Over the years I’ve been on endless panels about “authenticity” at ALA, IRA, NCTE. Why not have a panel on person and context — how much can/should our books be about individuals and how much about the binding forces of history? That’s a crucial question for anyone writing history, biography, social studies, even historical fiction — and it is never dicussed. As we march into fall, I throw out that jump ball as our first new question.

Comments

  1. elizabeth partridge says:

    I’ll jump.

    Anytime I do a biography, I’m weaving in history. For me, it’s a question of getting the historical context in without being boring or lecturing. What’s enough and not too much? How do I get readers emotionally involved? How do I make it vivid? People are easy — charming, hardworking, contradictory, divisive, always interesting. But the times are more of a challenge. I look at it as toggling between a person and the times, times and the person. It comes down to craft. Being willing to suck in a huge amount of information in the research stage, then spitting out bits of it where needed.

    Lately I’ve been working with: how do I separate the person from the myth of the person? How do I look at things as they were known at the time, not as they’ve come to be known?

    Challenging!

  2. Marc Aronson says:

    Perfect — I like what you say, people are easy, the challenge is embedding them in their context.

    On the latest challenge — why limit that to two choices — person at the time vs. person as s/he has come to be known — third option is person re-viewed; that is, at the time there was partial information about a person, there was a person as perceived in that society; later comes the myth of the person; but then there is making sense of the person — an interpretation, an effort to apply what is now known to the evidence — which may yield neither the Person of His/Her Time nor the Myth of the Person — or some admixture of the two.

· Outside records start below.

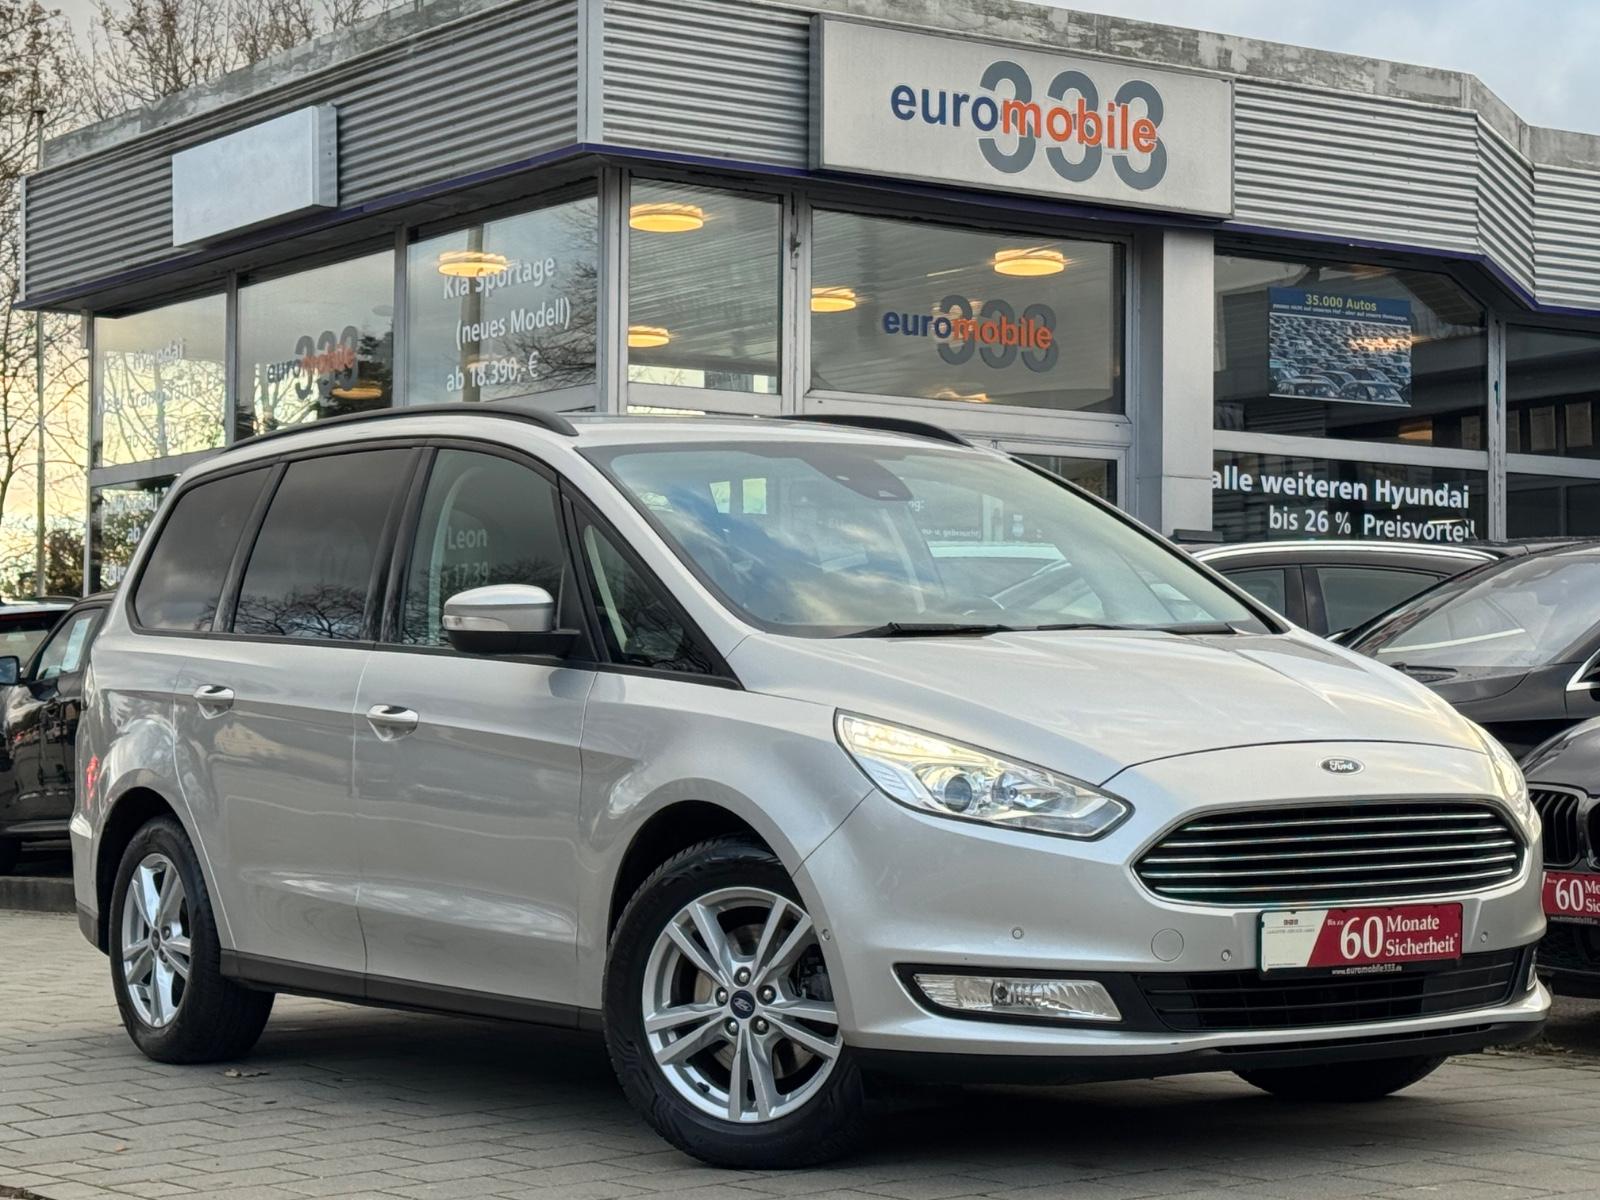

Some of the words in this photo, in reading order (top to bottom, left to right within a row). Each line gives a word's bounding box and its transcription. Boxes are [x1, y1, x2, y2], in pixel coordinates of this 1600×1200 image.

[890, 84, 1156, 154] euromobile
[977, 60, 1168, 190] 333
[475, 257, 555, 297] Sportage
[1304, 294, 1343, 308] 35.000
[1346, 298, 1377, 312] Autos
[456, 319, 506, 351] (neues
[510, 296, 571, 334] Modell)
[881, 311, 1053, 349] euromobile
[937, 295, 1060, 373] 333
[446, 364, 465, 392] ab
[1212, 465, 1253, 491] alle
[1260, 472, 1368, 500] weiteren
[1375, 480, 1469, 510] Hyundai
[447, 526, 488, 550] Leon
[1269, 504, 1298, 530] bis
[1304, 509, 1329, 533] 26
[1335, 512, 1351, 534] %
[1363, 513, 1475, 542] Preisvorteil
[1555, 878, 1584, 911] 60
[1340, 916, 1383, 960] 60
[1386, 915, 1440, 933] Monate

  3. Excellent discussion. In my latest biography on Cleopatra, I directly addressed the “myth-making” process and the difficulty of teasing out the truth from ancient propaganda. It took exploring WHY it was so important (i.e., what purpose it served) for her enemies to smear her name and reputation. It also took acknowledging that–unless archaeologists find her personal letters or journals–we will never know the full truth. There’s freedom in stating that outright!

  4. Marc Aronson says:

    when I wrote Witch-Hunt, on the Salem witch trials, I began thinking I could explain why the trials played out as they did, but ended up realizing that we simply do not have enough evidence to reach a final answer, and have to be content with fragmentary explanations and open-ended questions. I think that being honest with readers about the limitations of what is known, and perhaps knowable, is good. For one thing it invites them to think in new ways, to look for new avenues of thinking and research. And for another it is a kind of almost ecological respect — the past has left us a fragile patchwork of evidence. We need to respect that incompleteness and not impose ourselves on it. We can and should speculate — we should do our best to make sense of the past, but always in cognizance of our limitations, and inviting others to join in the game, to reach their own conclusions.